Delay of sentences
AUBURN - Sarah and Jeremy Allen believe they have suffered enough.
They saw it this way: Their only son is dead. They will never be able to adopt again. They lost their home in Lisbon Falls. Jeremy was kicked out of the Navy. They are thousands of dollars in debt.
"Your honor, I beg you - I beg you from the bottom of my heart - to have mercy and grace on us," Jeremy Allen said Friday, minutes before Justice Ellen Gorman sentenced him and his wife for the crimes they committed against their 21-month-old son.
Sarah Allen was asked to stand first.
She held onto her lawyer's hand as Gorman sentenced her to three and a half years in prison and two years of probation for shaking Nathaniel Allen to death.
Jeremy was next. He looked straight at Gorman as she sentenced him to six months in jail and two years of probation for assaulting his son two days before the boy died.

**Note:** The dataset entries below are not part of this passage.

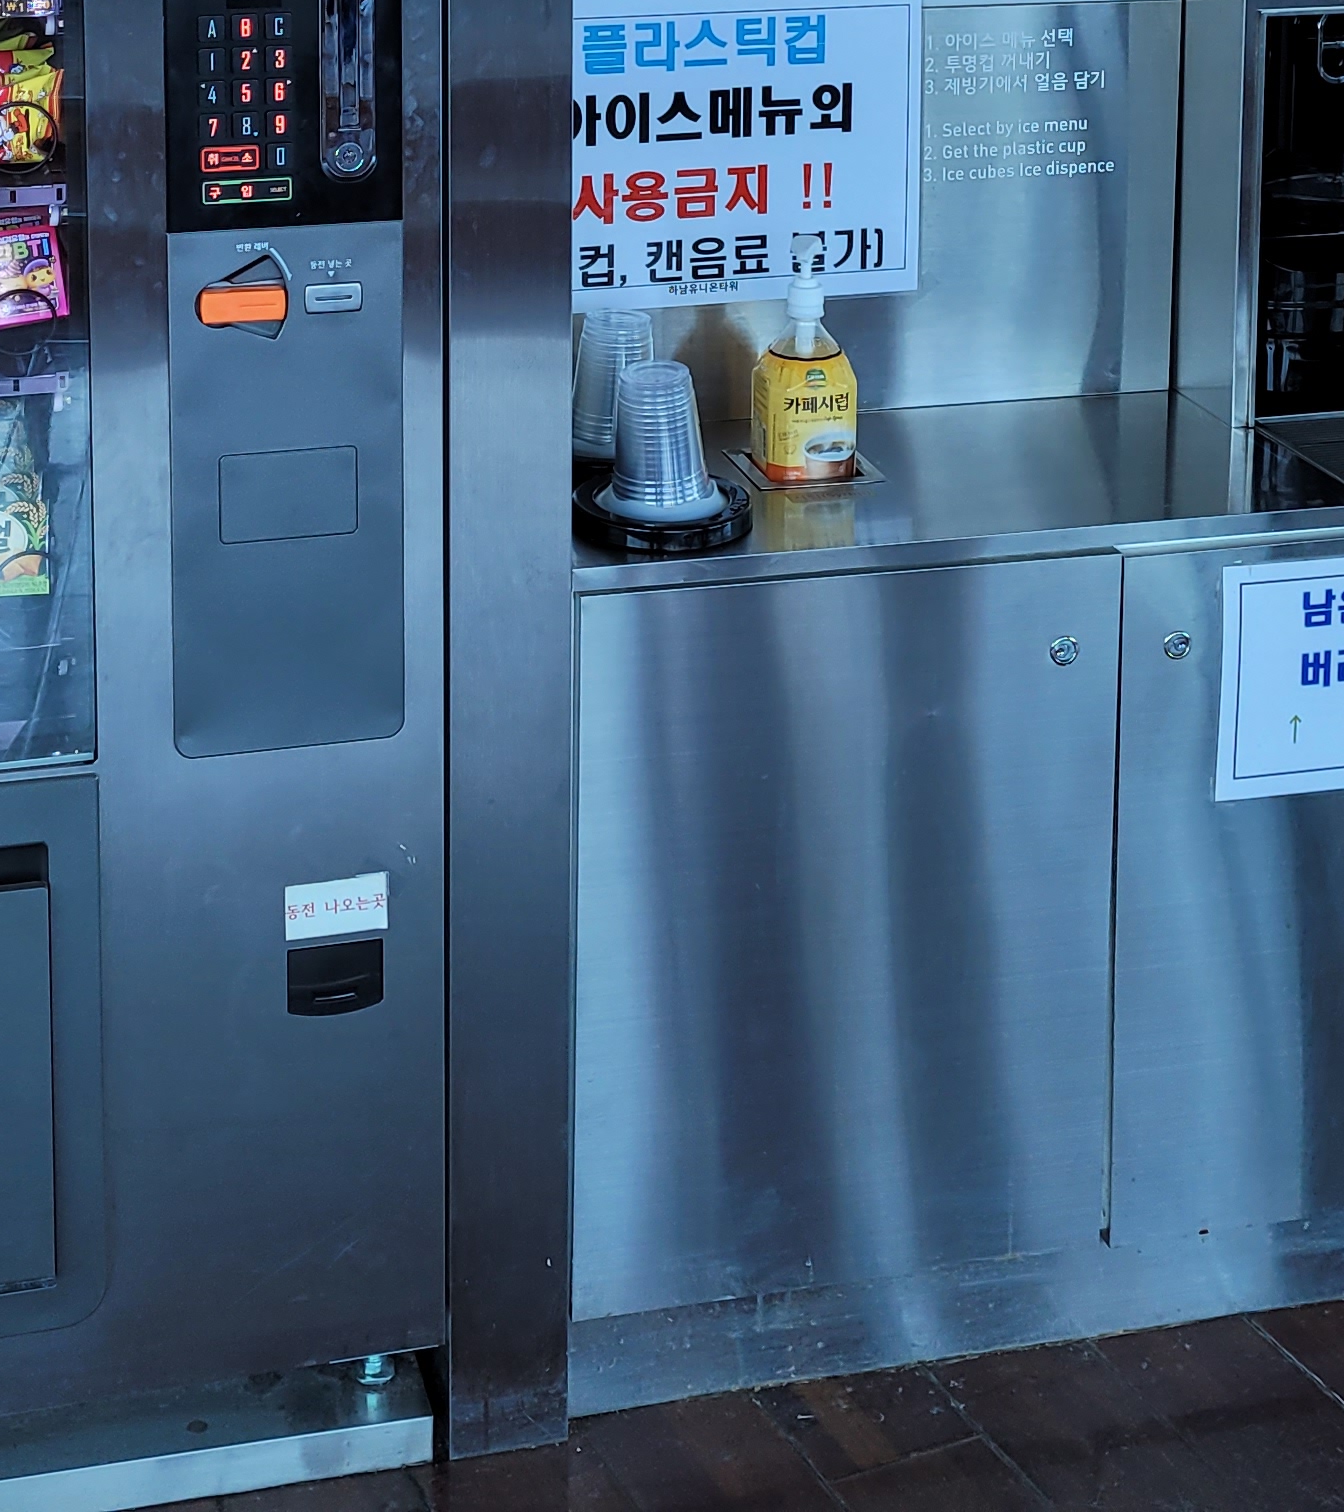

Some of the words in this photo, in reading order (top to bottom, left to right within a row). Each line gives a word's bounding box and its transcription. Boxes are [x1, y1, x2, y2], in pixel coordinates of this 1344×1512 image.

[582, 14, 827, 75] 플라스틱컵
[926, 35, 940, 51] 1.
[944, 33, 996, 51] 아이스
[1002, 32, 1036, 49] 메뉴
[1041, 27, 1073, 48] 선택
[925, 58, 939, 73] 2.
[945, 54, 994, 73] 투명컵
[1001, 51, 1050, 70] 꺼내기
[925, 79, 939, 95] 3.
[944, 74, 1028, 96] 제빙기에서
[1034, 72, 1068, 92] 얼음
[1074, 70, 1105, 90] 담기
[572, 82, 854, 147] 아이스메뉴외
[925, 124, 937, 138] 1.
[942, 122, 991, 138] Select
[996, 120, 1013, 136] by
[1018, 120, 1039, 133] ice
[1044, 117, 1088, 132] menu
[924, 145, 937, 160] 2.
[942, 145, 969, 160] Get
[973, 143, 998, 158] the
[1003, 139, 1054, 159] plastic
[1059, 140, 1086, 155] cup
[923, 167, 937, 182] 3.
[942, 167, 964, 181] Ice
[969, 164, 1014, 179] cubes
[1020, 162, 1041, 177] Ice
[1046, 159, 1115, 177] dispence
[572, 163, 768, 224] 사용금지
[802, 162, 833, 210] !!
[578, 243, 627, 288] 컵,
[645, 234, 770, 282] 캔음료
[668, 281, 739, 296] 하남유니온타워
[784, 392, 849, 414] 카페시럽
[285, 902, 315, 920] 동전
[325, 893, 386, 915] 나오는곳
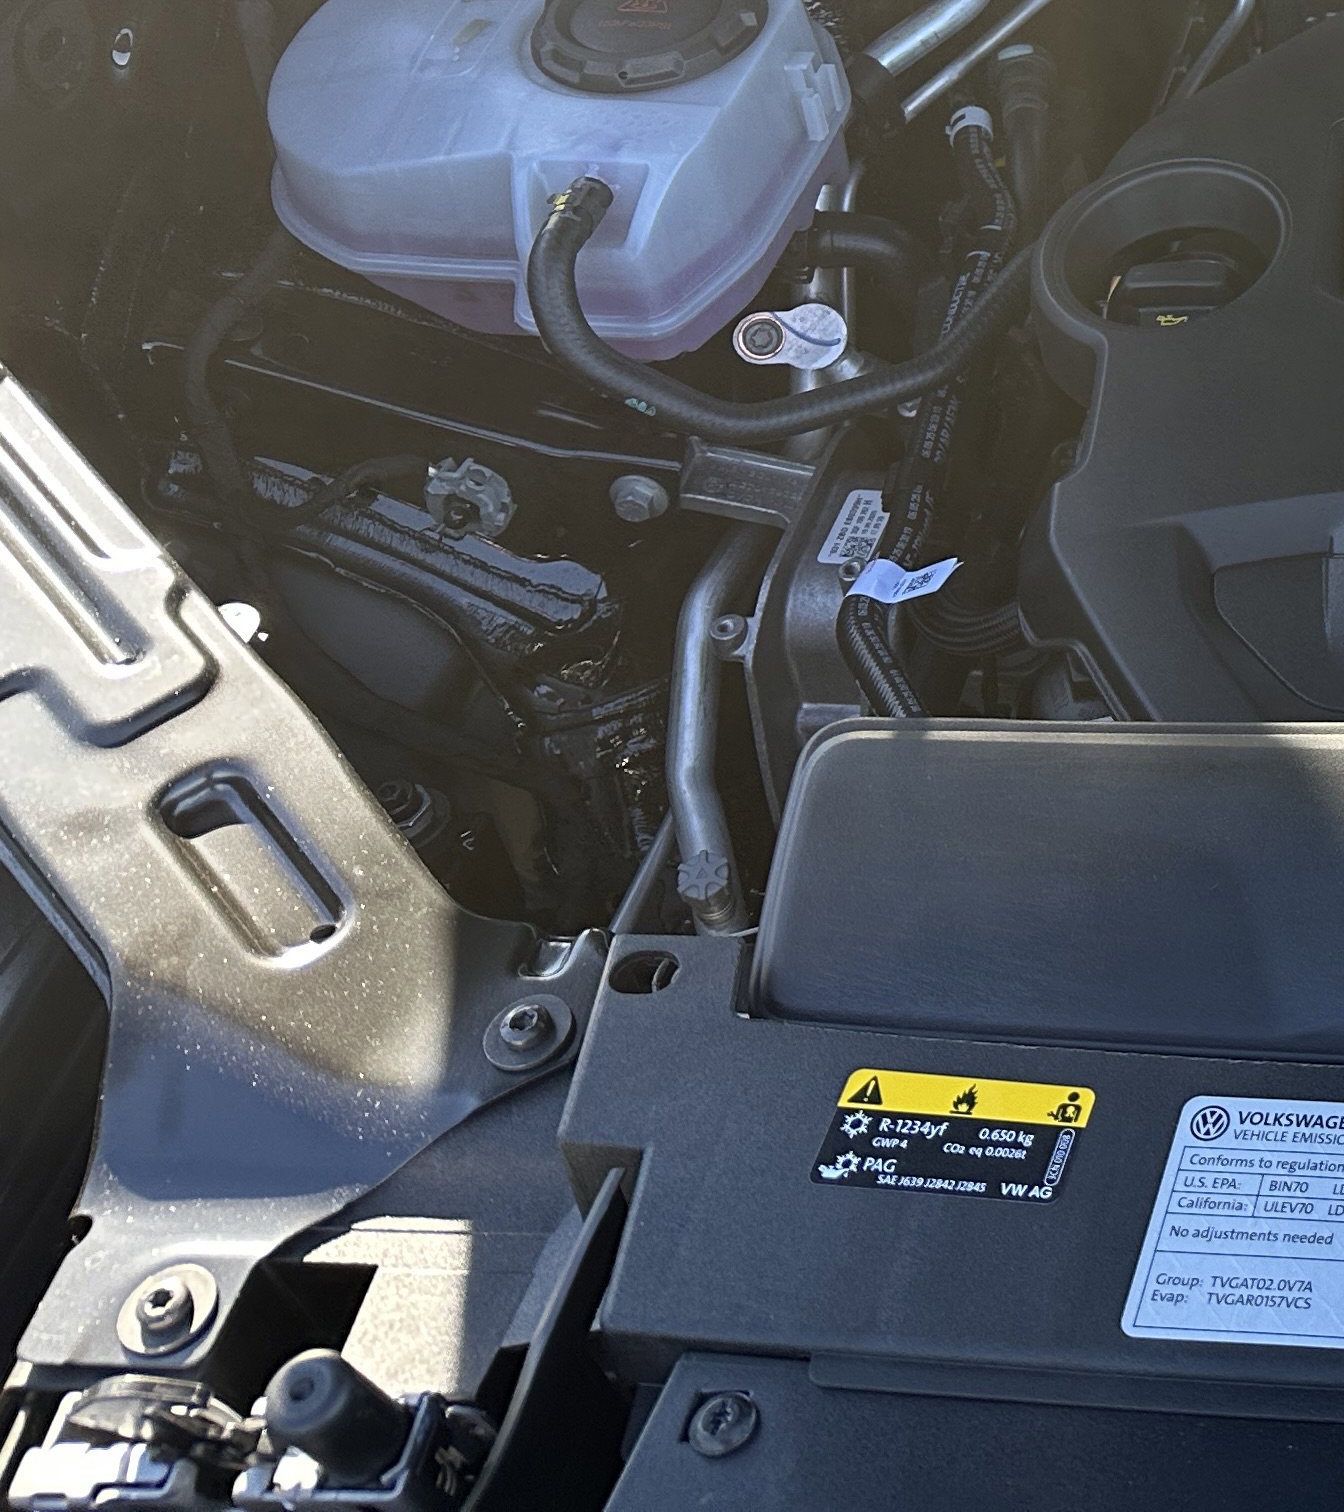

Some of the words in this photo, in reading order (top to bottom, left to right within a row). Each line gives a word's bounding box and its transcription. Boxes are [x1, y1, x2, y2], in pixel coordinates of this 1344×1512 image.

[879, 1118, 949, 1139] R-1234yf
[872, 1137, 899, 1148] GWP
[900, 1139, 908, 1149] 4
[980, 1128, 1014, 1142] 0.650
[1017, 1129, 1034, 1146] kg
[1234, 1129, 1287, 1143] VEHICLE
[969, 1147, 982, 1158] eq
[986, 1146, 1026, 1160] 0.0026t
[863, 1157, 897, 1173] PAG
[1190, 1154, 1255, 1168] Conforms
[1259, 1157, 1272, 1169] to
[877, 1174, 897, 1186] SAE
[899, 1176, 924, 1188] J639
[1184, 1177, 1208, 1188] U.S.
[1269, 1180, 1309, 1193] BIN70
[1001, 1183, 1026, 1197] VW
[1029, 1185, 1053, 1199] AG
[1178, 1197, 1248, 1211] California:
[1264, 1202, 1314, 1215] ULEV70
[1170, 1225, 1189, 1238] No
[1191, 1226, 1279, 1245] adjustments
[1283, 1230, 1333, 1245] needed
[1156, 1274, 1205, 1291] Group:
[1151, 1290, 1189, 1307] Evap:
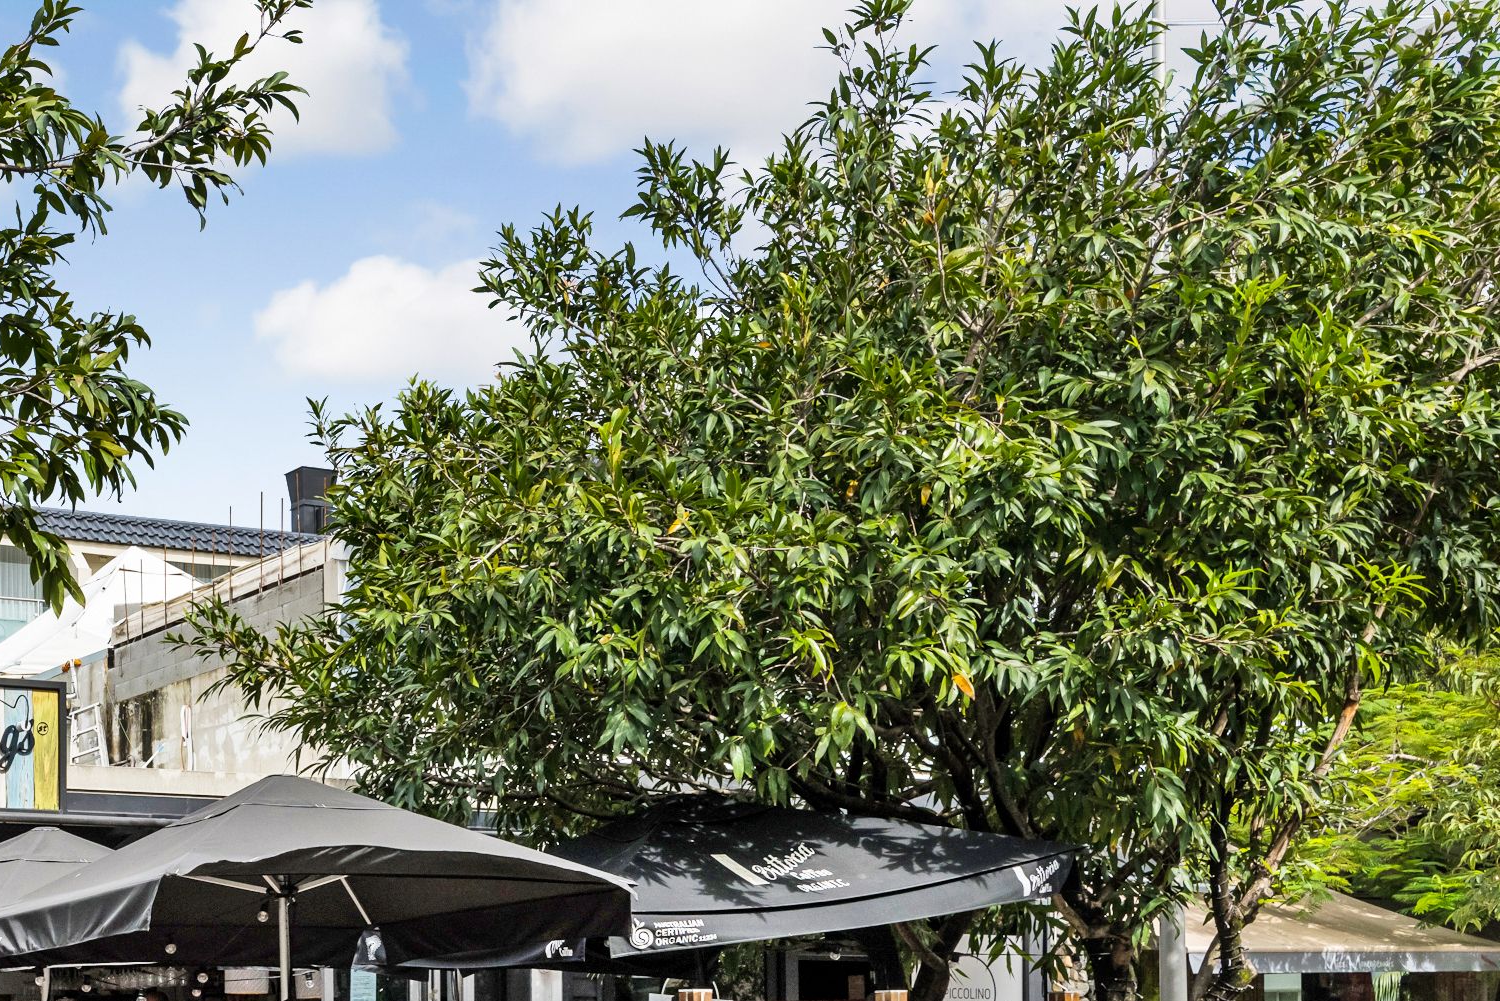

"Nathaniel was not even 2 years old when he died," Gorman said. "He had no ability to protect himself, no ability to escape, no ability to ask for help."
Nathaniel Allen died Feb. 15, 2003, after Sarah Allen shook or jerked him with enough force to cause severe head and neck injuries. A jury convicted her of manslaughter earlier this month.
At the time of his death, the boy had red and purple bruises on his buttocks and thighs. Jeremy Allen caused the bruises days before the boy died by repeatedly hitting him with a wooden spoon for not picking up his toys.
Jeremy Allen was convicted of assault last September.
Sarah, 31, will go to the Maine Correctional Center in Windham. Jeremy, 31, will serve his time at the Androscoggin County Jail.
In most cases, defendants are taken from the courtroom by jail guards immediately after the sentencing. That didn't happen Friday.
Gorman agreed to delay execution of the sentences until the couple's attorneys file their appeals, and the Maine Supreme Judicial Court has time to rule on them.
The process usually takes six to 18 months.
After being sentenced, the Allens joined the dozens of people who went to Androscoggin County Superior Court on Friday to speak on their behalf.
Friends and relatives came from as far away as Florida and Michigan. They spoke for more than two hours.
"I know in the depths of their souls that they are good and they have value," said Roger Cousineau, the pastor at East Auburn Baptist Church, to which the couple has belonged for several years.
Supporters described Sarah and Jeremy Allen as honest, good-hearted people who would have done anything for their son.
"I have never known and I have never seen the kind of love that Sarah and Jeremy had for Nathaniel," said Sarah Allen's father, Steve Lewis. "I will probably never see that kind of love again."
The Allens were not able to have their own children. They adopted Nathaniel from Guatemala when he was 1 year old.
They had him for 10 months before he died.
"I ask you to look in the face of these kids and look in their eyes, their eyes are windows to their souls," said Jeremy's mother, Rebecca McAtee.
Assistant Attorney General Lisa Marchese acknowledged that the Allens are not typical defendants.
"The jury thought Sarah was a good person," Marchese said. "But, unless we send a message to society that frustration with children that results in death is a serious crime, children will continue to be victims."
Marchese asked Justice Gorman to remember Nathaniel Allen and to consider that the couple has not shown any remorse for their actions.
The Allens maintain that their son died from a pre-existing seizure disorder.
When Jeremy Allen spoke Friday, he told Gorman that he feels horrible - not for assaulting his son, but for failing to realize that the boy was having a seizure on the night that he spanked him.
Sarah Allen chose not to speak at the sentencing hearing.
"The fact that she is not standing here today saying, ‘I'm guilty,' does not mean she is not remorseful," her attorney said.
Gorman didn't see it that way.
She considered the Allens' failure to accept responsibility as an aggravating factor, and she told the crowded courtroom that her job was to sentence them as people convicted of manslaughter and assault, not as people whose lives have been torn apart by false allegations.
"Some of you may continue to ignore or disagree with the verdicts," Gorman said. "But the court may not."